# exercises to assist in mounting



## toto (Mar 3, 2013)

I would do leg stretches. Simple sitting, touching the toes, bend one leg at the knee-bottom of foot touching inside of other leg- and grab the other foot, switch..

'Butterflies' touch bottoms of feet together, and bend down as far as you can (legs will look like a butterfly)

I would also do the stretches where you put 1 leg up on a chair, and bend to touch your toes. Works great.

The more limber the legs, the easier the mounting.. Unless you're gonna swing up like, little joe, lol.
_Posted via Mobile Device_


----------



## Golden Horse (Feb 20, 2010)

Having spent more time than I would like over the last few weeks working on trailer loading issues with two horses, I have spent and incredible amount of time stepping up and down off of the trailer, which is just around knee high, I HIGHLY recommend it as a way of improving fitness and strengthening legs. Also try and practice 'mounting' on a gate or fence panel, it will help build the right muscles, and the right action.

It does seem a kind of draconian rule, I get the emergency dismount, that makes sense, but why do you have to be able to mount without a block I wonder?


----------



## Kayty (Sep 8, 2009)

Are you allowed to drop your stirrups down a few holes to get back on? 
Not sure which leathers you have, but in a Dressage saddle its super easy to just pop the leather down so you don't have to reach so far. 
I am short, with very short legs, and am able to get on most horses by putting the stirrups down to get on from the ground.


----------



## DancingArabian (Jul 15, 2011)

Leg stretches and stair climbing (2-3 steps at a time).
_Posted via Mobile Device_


----------



## Sweeney Road (Feb 12, 2012)

Interesting rules. I have an old pelvis injury which doesn't keep me from riding, but makes it virtually impossible to mount a tall horse without a mounting block (or at least something to get a bit of height on). Do they have a medical exemption? Does 'from the ground' mean you can use a rock or two, or position your horse so that you mount from the upside of a slope? I can almost mount my little arab from the ground bareback when it comes to that, but I've found that mounting anything over 16 hands is difficult, at best, due to my injury.


----------



## Corporal (Jul 29, 2010)

The BEST way to learn to mount a horse from the ground is to find and use and mount a fence, ya know, the ones with 2-3 wooden rails. I used to teach lessons and Every one of my students started with the fence bc it doesn't walk off or shift away from you.
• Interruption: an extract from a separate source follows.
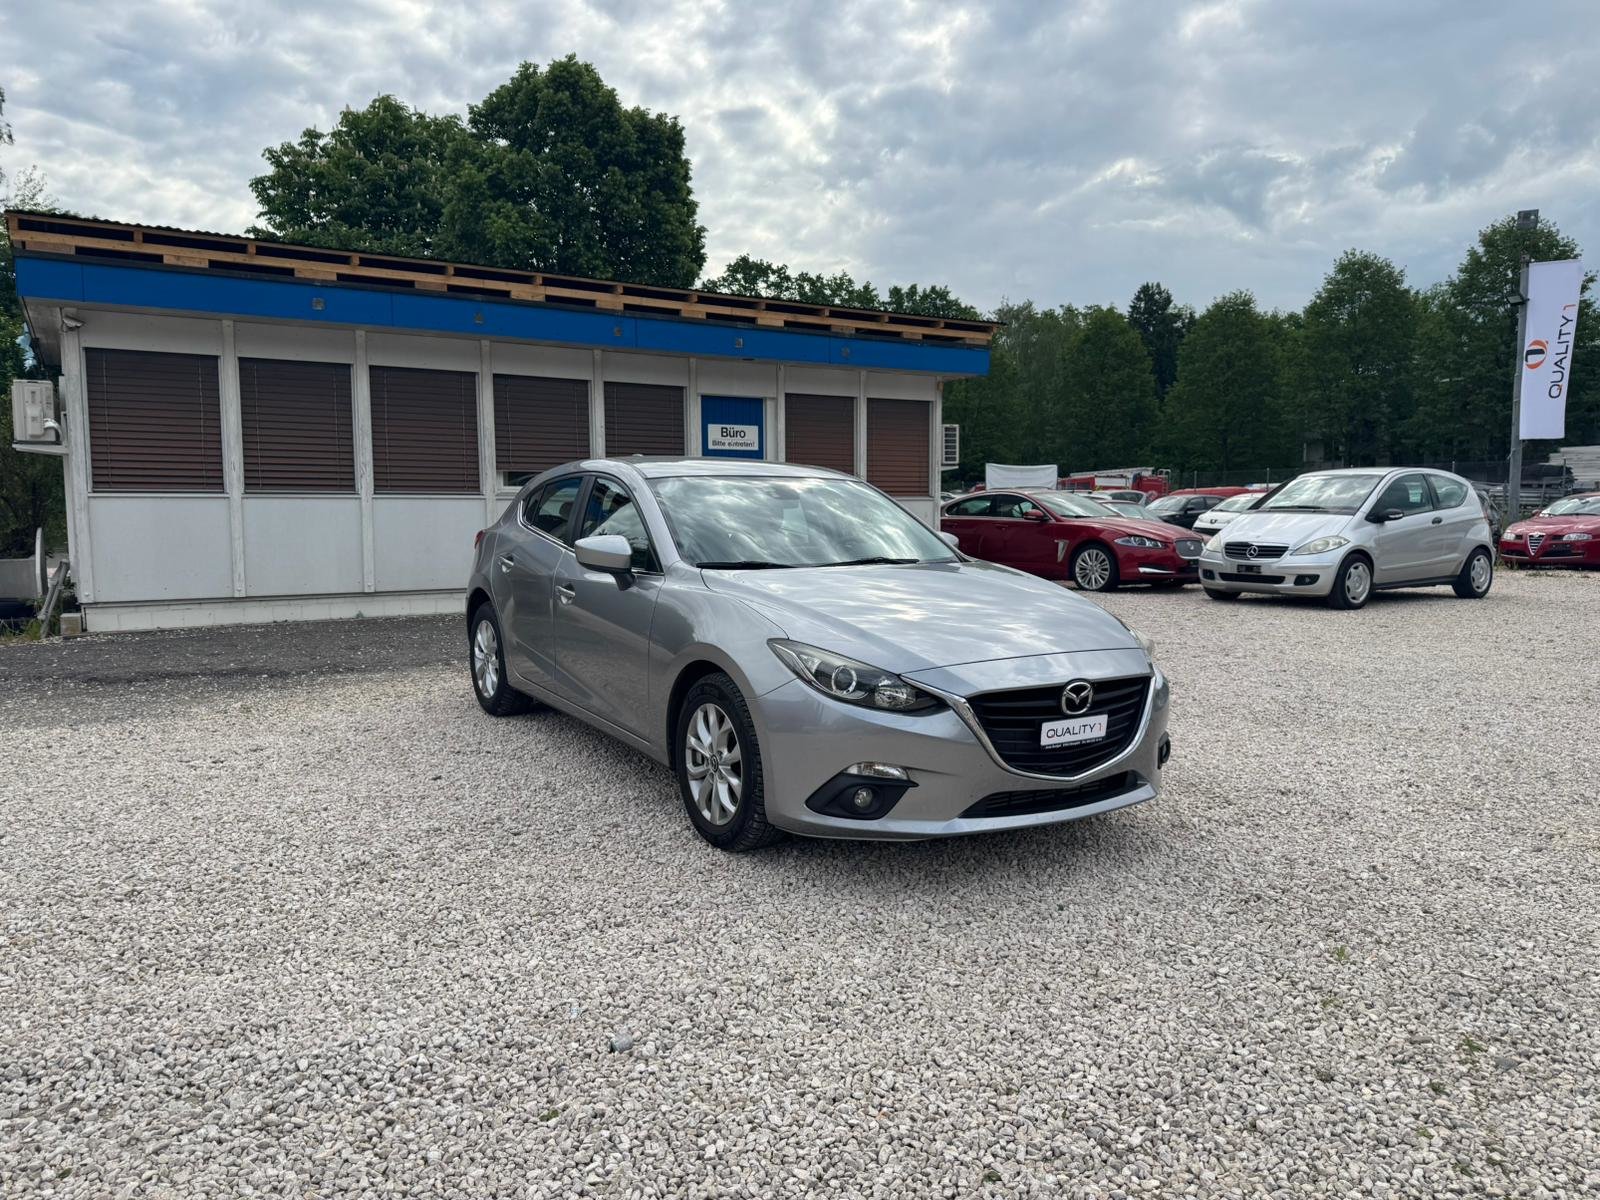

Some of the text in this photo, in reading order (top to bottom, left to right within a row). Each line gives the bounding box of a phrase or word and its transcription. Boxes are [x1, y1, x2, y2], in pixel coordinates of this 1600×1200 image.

[1548, 315, 1573, 399] QUALITY
[720, 426, 746, 439] Büro
[1046, 722, 1096, 739] QUALITY
Most people start by pulling themselves up, and that is counterproductive.
Your trajectory when mounting a horse is (ironically) the right side of the horse's neck. Look there, while using the fence. Put your L hand forward, and place your L foot on the rail, bend your knee and snug your chest to your L knee. Put your R hand on the top rail, in and around where the "cantle" would be, then bounce 3x, then stand, feet together for 10-15 seconds---COUNT THE SECONDS while you're learning. Then, lift your leg over the top rail and gently lower yourself down--your horse will appreciate this, later.
Practice this until you are smooth as silk, then try it on your horse. =D


----------



## ARTEMISBLOSSOM (Apr 3, 2011)

Thanks everyone for your replies I will try the exercises suggested. We use western saddles so adjusting the length of them is a little more difficult than with an english type saddle. They lady whose property the cattle sorting, trail rides and other events are being held on is the person who is making these rules. She says she just wants to keep everyone who comes on her property safe and make sure they are fit and in control of their horse. She has a riding ring where the testing will be done. She would allow mounting from a slope or rock or something but she has a nice smooth sand riding ring. There may be a few 16hh+ horses in the group but most of us have stock horses around the 15hh mark.


----------



## Corporal (Jul 29, 2010)

ARTEMISBLOSSOM said:


> Our cow horse club has put in new rules this year that state that every rider must show that they can mount unassisted from the ground and do an emergency dismount before they can participate in the cattle sorting (and any other ) event.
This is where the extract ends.